▶ **WHAT NEEDS TO BE DONE**
Return each record unchanged and drop the images.

:: SUPPLIED ENTRIES

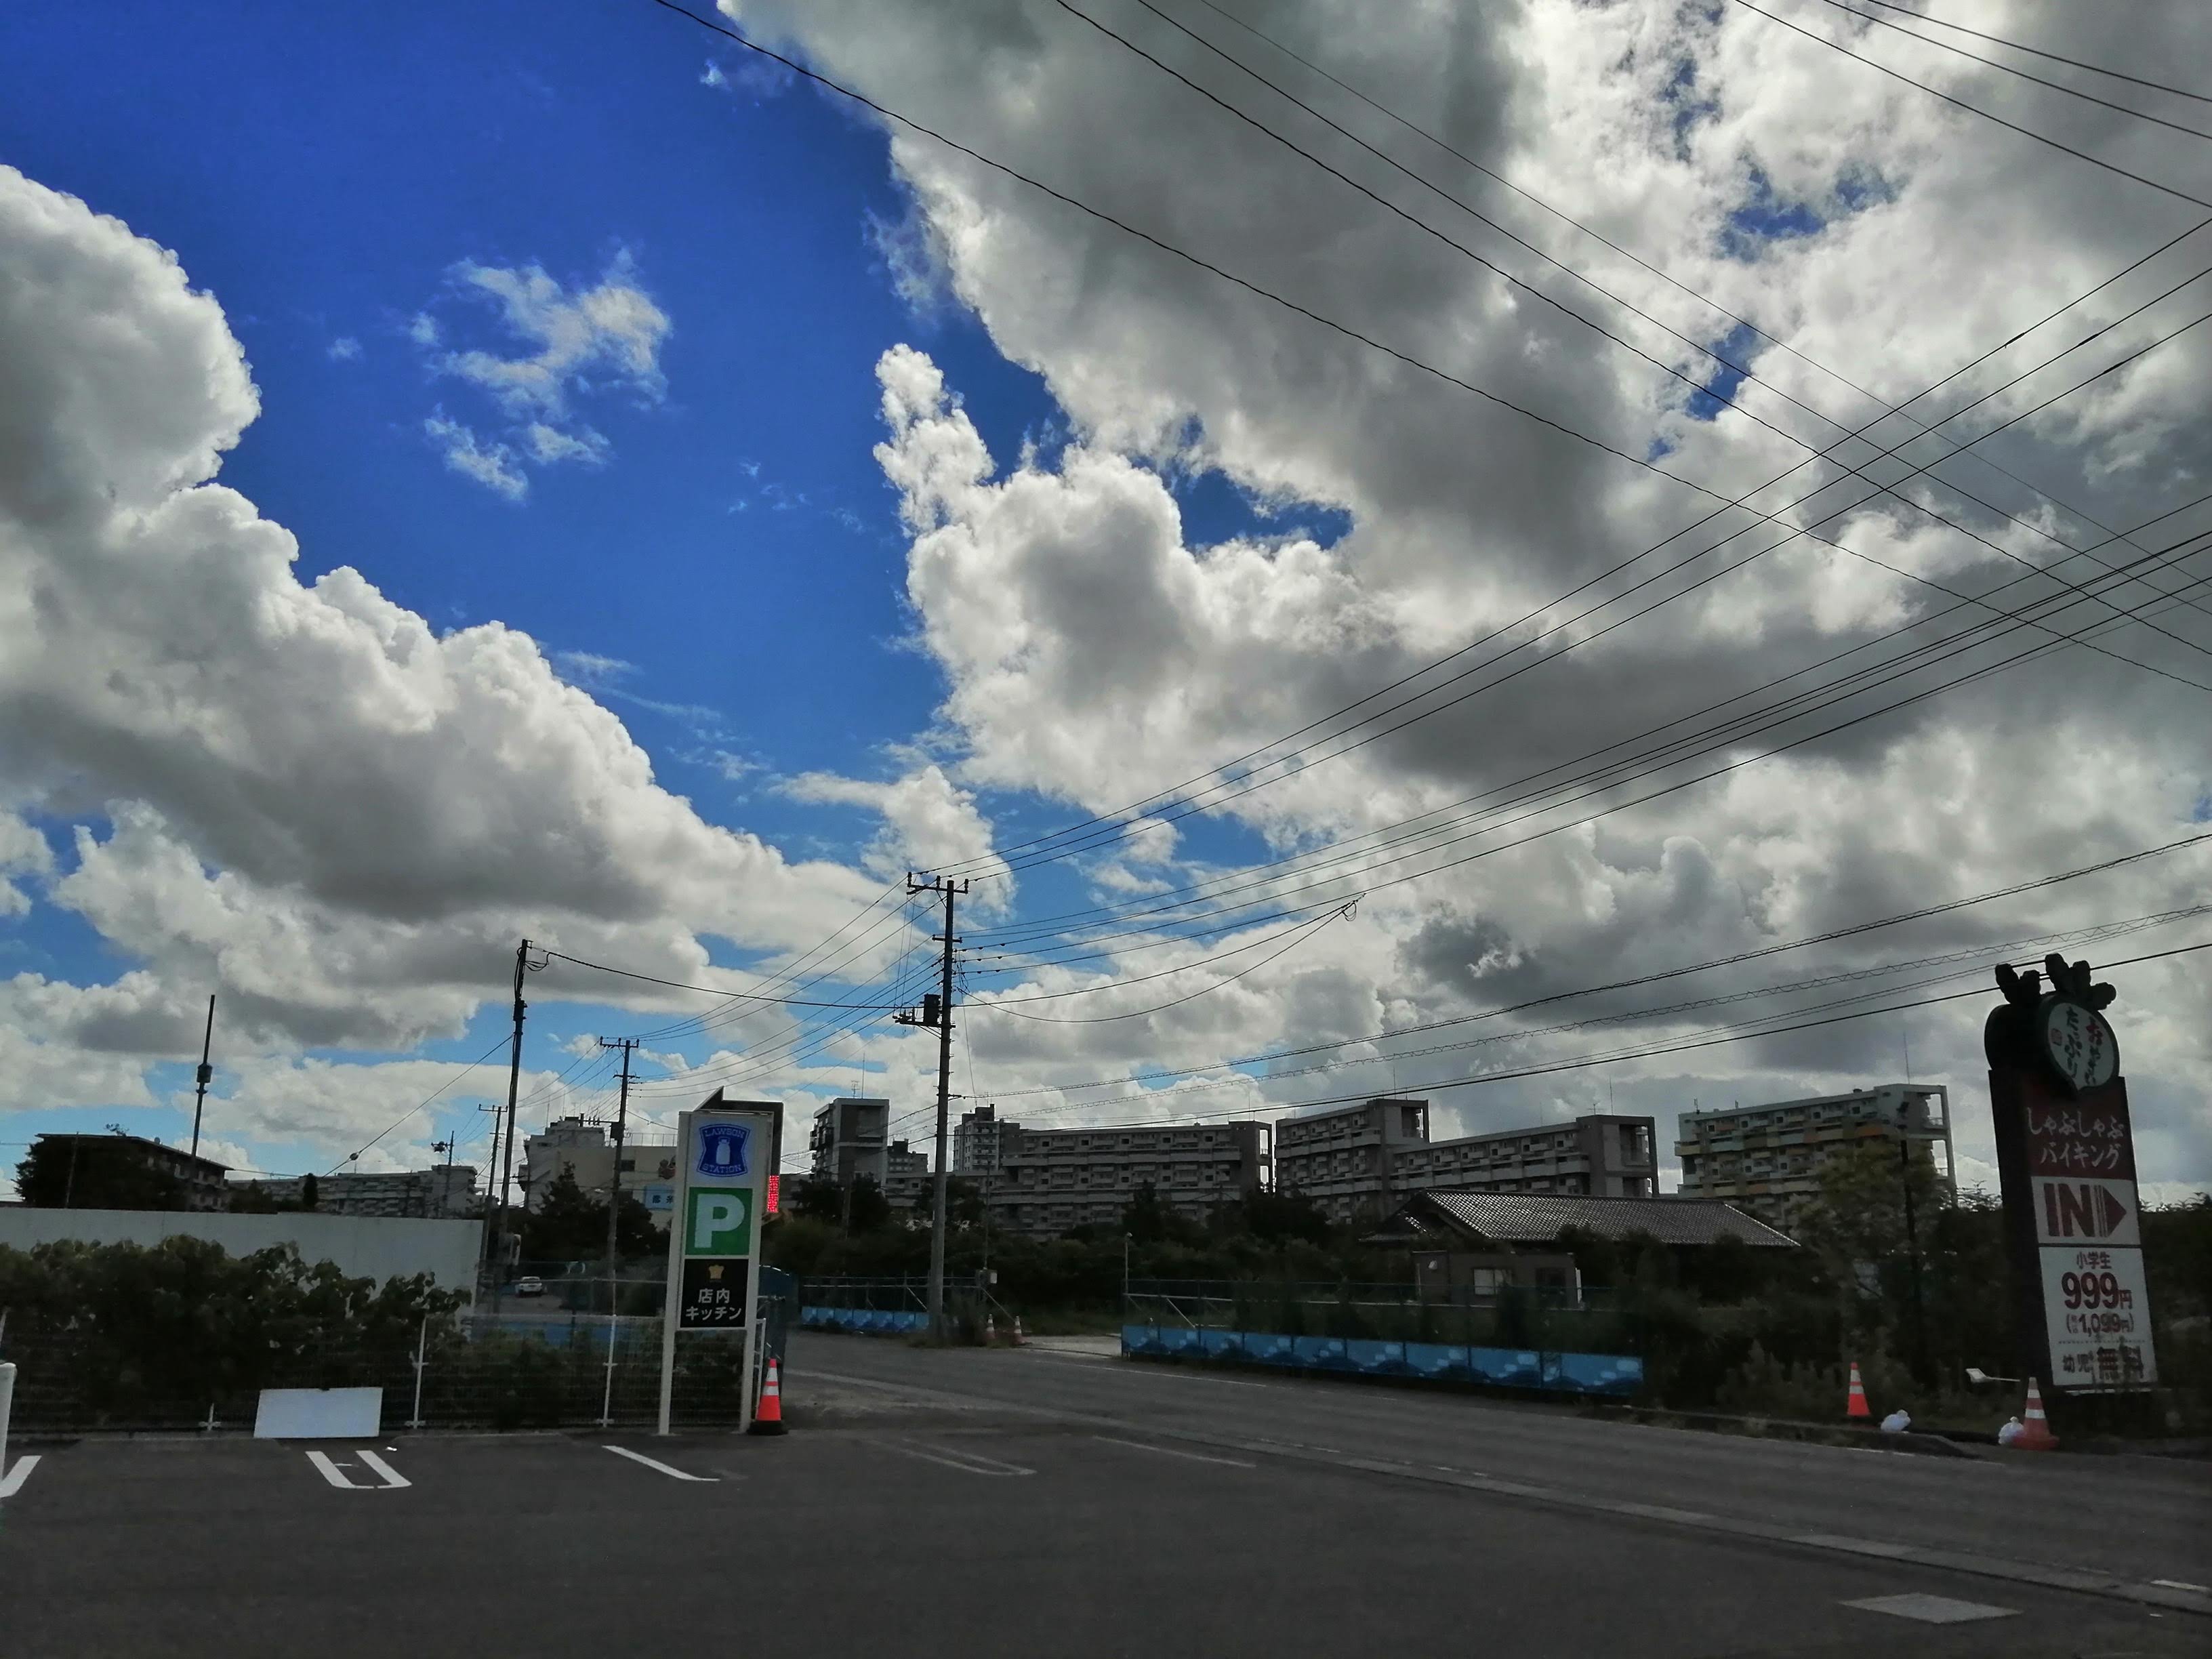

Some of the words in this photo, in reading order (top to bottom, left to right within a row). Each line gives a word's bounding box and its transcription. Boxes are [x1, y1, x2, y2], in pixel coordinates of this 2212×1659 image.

[704, 1128, 745, 1139] LAWSON
[2026, 1106, 2125, 1139] しゃぶしゃぶ
[2039, 1136, 2122, 1170] バイキング
[702, 1163, 743, 1173] STATION
[694, 1193, 745, 1249] P
[2043, 1183, 2096, 1238] IN
[2076, 1251, 2112, 1270] 小学生
[697, 1287, 731, 1305] 店内
[2061, 1271, 2134, 1311] 999円
[685, 1305, 743, 1321] キッチン

::::

▶ **TASK RESULT**
Some of the words in this photo, in reading order (top to bottom, left to right within a row). Each line gives a word's bounding box and its transcription. Boxes are [x1, y1, x2, y2], in pixel coordinates of this 2212×1659 image.

[704, 1128, 745, 1139] LAWSON
[2026, 1106, 2125, 1139] しゃぶしゃぶ
[2039, 1136, 2122, 1170] バイキング
[702, 1163, 743, 1173] STATION
[694, 1193, 745, 1249] P
[2043, 1183, 2096, 1238] IN
[2076, 1251, 2112, 1270] 小学生
[697, 1287, 731, 1305] 店内
[2061, 1271, 2134, 1311] 999円
[685, 1305, 743, 1321] キッチン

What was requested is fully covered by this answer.